La política antidrogas a nivel de Latinoamérica ha generado “un tendal de violencia, de asesinato y un poder muy fuerte e impune de parte del narcotráfico”, enfatizó el diputado uruguayo.

“El narcotráfico ha tenido la capacidad de financiar campañas electorales, corromper sistemas judiciales y policiales, y ese poder proviene de los recursos que genera el narcotráfico, por lo tanto tenemos que cambiar el enfoque” de esa lucha antidrogas, explicó.

Sabini destacó además que la guerra contra las drogas es un fracaso porque no se ha reducido el consumo y ha llenado las cárceles, alienta el crimen organizado y provoca miles de muertos.

Por ello, el diputado uruguayo considera que su “regularización” puede ser una forma de aliviar las cárceles y redistribuir recursos para asignarlos al tratamiento.

El director del Programa de Derechos Humanos de la ONG estadounidense Global Exchange, Ted Lewis, pidió no seguir ignorando que la expansión de la violencia, el crimen y la corrupción en América Latina son el resultado de políticas fallidas para luchar contra las drogas.
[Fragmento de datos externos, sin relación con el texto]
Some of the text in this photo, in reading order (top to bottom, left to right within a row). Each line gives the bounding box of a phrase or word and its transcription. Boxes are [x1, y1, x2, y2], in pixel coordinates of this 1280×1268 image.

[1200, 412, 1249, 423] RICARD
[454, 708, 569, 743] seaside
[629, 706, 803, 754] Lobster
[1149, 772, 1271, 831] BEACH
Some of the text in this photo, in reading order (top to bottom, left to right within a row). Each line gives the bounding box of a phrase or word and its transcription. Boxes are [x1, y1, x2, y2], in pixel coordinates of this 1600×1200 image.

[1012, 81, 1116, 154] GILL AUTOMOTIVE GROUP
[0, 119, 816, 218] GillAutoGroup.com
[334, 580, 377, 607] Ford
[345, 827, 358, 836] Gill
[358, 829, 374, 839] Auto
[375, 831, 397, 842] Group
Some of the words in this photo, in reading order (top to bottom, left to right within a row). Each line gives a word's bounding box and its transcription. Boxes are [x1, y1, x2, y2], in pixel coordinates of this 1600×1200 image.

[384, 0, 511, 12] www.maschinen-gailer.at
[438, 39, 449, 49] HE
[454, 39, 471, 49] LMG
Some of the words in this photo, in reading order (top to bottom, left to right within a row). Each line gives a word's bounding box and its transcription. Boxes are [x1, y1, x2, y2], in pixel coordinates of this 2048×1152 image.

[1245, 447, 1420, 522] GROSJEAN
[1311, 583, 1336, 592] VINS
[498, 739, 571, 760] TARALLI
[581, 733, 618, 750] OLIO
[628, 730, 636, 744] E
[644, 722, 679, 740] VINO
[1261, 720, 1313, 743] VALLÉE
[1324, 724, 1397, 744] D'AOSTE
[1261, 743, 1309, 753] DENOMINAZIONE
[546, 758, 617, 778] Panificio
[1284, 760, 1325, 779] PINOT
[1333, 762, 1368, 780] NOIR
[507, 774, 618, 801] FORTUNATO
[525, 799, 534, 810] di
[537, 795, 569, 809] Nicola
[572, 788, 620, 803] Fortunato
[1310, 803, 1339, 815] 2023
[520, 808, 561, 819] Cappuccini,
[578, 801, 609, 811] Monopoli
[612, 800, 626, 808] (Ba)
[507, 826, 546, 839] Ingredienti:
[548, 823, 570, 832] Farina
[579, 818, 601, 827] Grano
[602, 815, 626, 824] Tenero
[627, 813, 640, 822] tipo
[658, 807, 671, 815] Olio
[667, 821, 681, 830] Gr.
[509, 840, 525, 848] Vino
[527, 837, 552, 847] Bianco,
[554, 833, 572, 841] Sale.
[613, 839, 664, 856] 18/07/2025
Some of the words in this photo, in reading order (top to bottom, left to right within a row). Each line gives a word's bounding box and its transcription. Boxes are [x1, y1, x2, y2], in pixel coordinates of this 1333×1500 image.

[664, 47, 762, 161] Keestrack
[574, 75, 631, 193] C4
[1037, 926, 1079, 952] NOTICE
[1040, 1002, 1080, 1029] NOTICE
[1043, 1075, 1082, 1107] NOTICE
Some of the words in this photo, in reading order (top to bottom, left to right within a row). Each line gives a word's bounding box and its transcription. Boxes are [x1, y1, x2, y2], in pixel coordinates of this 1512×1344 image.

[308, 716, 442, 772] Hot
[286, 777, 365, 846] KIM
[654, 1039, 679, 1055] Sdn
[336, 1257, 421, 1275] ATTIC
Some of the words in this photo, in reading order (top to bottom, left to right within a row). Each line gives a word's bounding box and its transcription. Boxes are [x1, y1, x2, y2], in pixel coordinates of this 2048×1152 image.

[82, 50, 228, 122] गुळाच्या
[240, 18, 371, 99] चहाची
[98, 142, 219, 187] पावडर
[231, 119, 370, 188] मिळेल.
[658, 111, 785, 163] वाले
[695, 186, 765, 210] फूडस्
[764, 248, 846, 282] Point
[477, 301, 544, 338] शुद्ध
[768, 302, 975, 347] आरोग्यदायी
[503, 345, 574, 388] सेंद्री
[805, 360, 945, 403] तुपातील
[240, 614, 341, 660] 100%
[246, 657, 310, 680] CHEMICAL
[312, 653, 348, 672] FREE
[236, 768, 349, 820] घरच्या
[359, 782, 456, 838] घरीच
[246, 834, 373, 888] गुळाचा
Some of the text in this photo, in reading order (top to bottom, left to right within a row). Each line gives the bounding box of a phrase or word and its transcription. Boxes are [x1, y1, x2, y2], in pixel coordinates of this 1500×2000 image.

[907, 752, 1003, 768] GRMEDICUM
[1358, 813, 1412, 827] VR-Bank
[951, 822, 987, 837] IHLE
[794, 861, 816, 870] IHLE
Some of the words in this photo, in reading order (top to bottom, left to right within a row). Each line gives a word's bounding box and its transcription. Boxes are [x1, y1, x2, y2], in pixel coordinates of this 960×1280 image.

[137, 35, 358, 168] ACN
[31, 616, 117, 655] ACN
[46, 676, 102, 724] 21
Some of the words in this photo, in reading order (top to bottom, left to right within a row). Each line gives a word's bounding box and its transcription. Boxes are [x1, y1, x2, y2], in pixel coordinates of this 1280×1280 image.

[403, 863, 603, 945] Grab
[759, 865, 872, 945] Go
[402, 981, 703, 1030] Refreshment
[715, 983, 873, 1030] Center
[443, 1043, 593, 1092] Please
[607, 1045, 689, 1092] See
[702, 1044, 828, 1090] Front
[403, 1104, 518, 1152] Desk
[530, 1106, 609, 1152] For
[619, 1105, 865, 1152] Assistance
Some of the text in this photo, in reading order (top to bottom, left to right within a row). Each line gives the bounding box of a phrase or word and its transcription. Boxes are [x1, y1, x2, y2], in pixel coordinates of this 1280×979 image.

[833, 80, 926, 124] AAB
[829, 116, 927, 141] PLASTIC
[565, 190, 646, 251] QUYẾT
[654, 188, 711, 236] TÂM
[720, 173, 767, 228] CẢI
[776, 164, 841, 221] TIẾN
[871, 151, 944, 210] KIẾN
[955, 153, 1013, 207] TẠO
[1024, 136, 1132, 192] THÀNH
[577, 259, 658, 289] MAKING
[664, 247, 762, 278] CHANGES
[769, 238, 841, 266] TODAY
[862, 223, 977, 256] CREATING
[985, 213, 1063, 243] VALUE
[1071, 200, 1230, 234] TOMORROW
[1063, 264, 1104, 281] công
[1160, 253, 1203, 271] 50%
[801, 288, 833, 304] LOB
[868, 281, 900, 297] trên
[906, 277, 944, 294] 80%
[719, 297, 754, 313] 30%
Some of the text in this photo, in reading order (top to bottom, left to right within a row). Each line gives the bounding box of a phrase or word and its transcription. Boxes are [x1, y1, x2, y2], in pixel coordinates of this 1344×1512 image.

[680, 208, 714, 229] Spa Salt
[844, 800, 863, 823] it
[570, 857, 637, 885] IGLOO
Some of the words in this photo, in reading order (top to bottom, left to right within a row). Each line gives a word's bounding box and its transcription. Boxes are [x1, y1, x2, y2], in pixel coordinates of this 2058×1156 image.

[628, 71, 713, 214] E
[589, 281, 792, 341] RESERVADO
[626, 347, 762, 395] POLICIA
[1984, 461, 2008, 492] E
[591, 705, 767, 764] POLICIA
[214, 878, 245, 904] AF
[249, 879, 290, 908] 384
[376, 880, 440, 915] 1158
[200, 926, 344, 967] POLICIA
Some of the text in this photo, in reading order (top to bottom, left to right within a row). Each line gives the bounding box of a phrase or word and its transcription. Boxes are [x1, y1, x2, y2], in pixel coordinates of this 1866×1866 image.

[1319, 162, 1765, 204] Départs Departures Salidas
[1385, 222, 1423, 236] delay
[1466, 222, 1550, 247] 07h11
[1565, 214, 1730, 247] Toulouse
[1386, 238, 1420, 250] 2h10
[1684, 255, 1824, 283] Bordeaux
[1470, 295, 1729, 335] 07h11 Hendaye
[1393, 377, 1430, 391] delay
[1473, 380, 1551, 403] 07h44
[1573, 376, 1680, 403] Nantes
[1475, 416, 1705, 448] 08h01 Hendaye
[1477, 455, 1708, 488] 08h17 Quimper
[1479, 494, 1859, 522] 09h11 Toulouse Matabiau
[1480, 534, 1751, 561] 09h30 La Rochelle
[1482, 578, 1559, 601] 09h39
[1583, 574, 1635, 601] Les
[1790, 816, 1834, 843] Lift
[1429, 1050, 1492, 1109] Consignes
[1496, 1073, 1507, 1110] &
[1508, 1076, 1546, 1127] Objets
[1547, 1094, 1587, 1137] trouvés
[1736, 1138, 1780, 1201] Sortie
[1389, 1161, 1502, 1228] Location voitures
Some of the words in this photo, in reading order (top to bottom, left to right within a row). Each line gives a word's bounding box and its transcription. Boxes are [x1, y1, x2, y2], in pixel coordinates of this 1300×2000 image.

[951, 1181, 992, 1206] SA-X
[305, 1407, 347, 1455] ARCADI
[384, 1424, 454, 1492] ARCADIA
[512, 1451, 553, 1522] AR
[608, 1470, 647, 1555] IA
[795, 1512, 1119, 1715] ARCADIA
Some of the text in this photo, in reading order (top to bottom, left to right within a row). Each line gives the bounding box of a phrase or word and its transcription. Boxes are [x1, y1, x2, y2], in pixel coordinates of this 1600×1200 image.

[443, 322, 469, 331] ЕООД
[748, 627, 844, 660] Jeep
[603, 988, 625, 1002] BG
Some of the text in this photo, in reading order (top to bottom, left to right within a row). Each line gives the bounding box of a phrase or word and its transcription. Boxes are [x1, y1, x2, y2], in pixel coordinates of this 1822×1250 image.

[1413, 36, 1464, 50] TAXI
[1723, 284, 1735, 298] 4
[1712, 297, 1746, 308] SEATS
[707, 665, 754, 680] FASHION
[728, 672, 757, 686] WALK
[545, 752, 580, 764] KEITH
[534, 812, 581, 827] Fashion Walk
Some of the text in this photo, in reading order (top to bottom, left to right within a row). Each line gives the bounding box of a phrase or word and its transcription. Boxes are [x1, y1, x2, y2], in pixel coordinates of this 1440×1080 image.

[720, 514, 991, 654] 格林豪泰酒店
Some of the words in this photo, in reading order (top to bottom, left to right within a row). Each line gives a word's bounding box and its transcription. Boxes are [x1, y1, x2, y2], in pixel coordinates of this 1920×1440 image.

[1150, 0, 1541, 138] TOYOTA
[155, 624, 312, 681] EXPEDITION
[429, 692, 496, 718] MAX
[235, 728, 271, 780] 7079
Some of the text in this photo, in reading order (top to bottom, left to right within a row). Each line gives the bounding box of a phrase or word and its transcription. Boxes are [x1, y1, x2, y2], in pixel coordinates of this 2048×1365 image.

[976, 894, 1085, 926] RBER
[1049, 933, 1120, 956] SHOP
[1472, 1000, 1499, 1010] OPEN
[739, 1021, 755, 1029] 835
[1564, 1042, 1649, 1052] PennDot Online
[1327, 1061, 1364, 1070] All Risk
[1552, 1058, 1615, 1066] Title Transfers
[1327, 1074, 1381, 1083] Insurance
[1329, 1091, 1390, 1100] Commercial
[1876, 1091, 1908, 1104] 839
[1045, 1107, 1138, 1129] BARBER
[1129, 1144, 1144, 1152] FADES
“Queremos visibilizar la problemática de la guerra contra las drogas en los países más afectados”, señaló Lewis a Efe.

En su opinión, la guerra contra las drogas fue propiciada por “Estados Unidos” para “reprimir” al pueblo estadounidense “en rebeldía”, por lo que pidió a los Gobiernos “repensar profundamente” el enfoque a esa lucha.

“La guerra contra las drogas ha fallado y necesitamos buscar una política nueva (…), hay necesidad de una regularización de ciertas sustancias como ha pasado con la marihuana en Uruguay”, enfatizó.

Lewis resaltó los “tremendos” efectos que ha causado la guerra contra las drogas, y recomendó apostar menos por la política de prohibición.

El responsable de Derechos Humanos de Global Exchange participó este lunes, junto al diputado uruguayo, en una rueda de prensa para anunciar el inicio de una Caravana por la Paz, la Vida y la Justicia que recorrerá Honduras hasta el próximo 1 de abril, auspiciada por la Fundación Friedrich Ebert y organismos de derechos humanos.

La caravana llegará a Nueva York el próximo 18 de abril en el marco de la sesión especial de la Asamblea General de la ONU sobre el problema mundial de las drogas, explicó.

La caravana exige “el fin de la guerra contra las drogas” y busca abrir “un diálogo en torno a alternativas a las políticas prohibicionistas que impulsan la violencia y el tráfico ilícito de drogas”, según un comunicado divulgado por los organizadores de la actividad.

Honduras es utilizada como puente de la droga que llega a Estados Unidos, y se ubica como uno de los países con más altos índices de violencia del mundo, con una media de 13 asesinatos al día.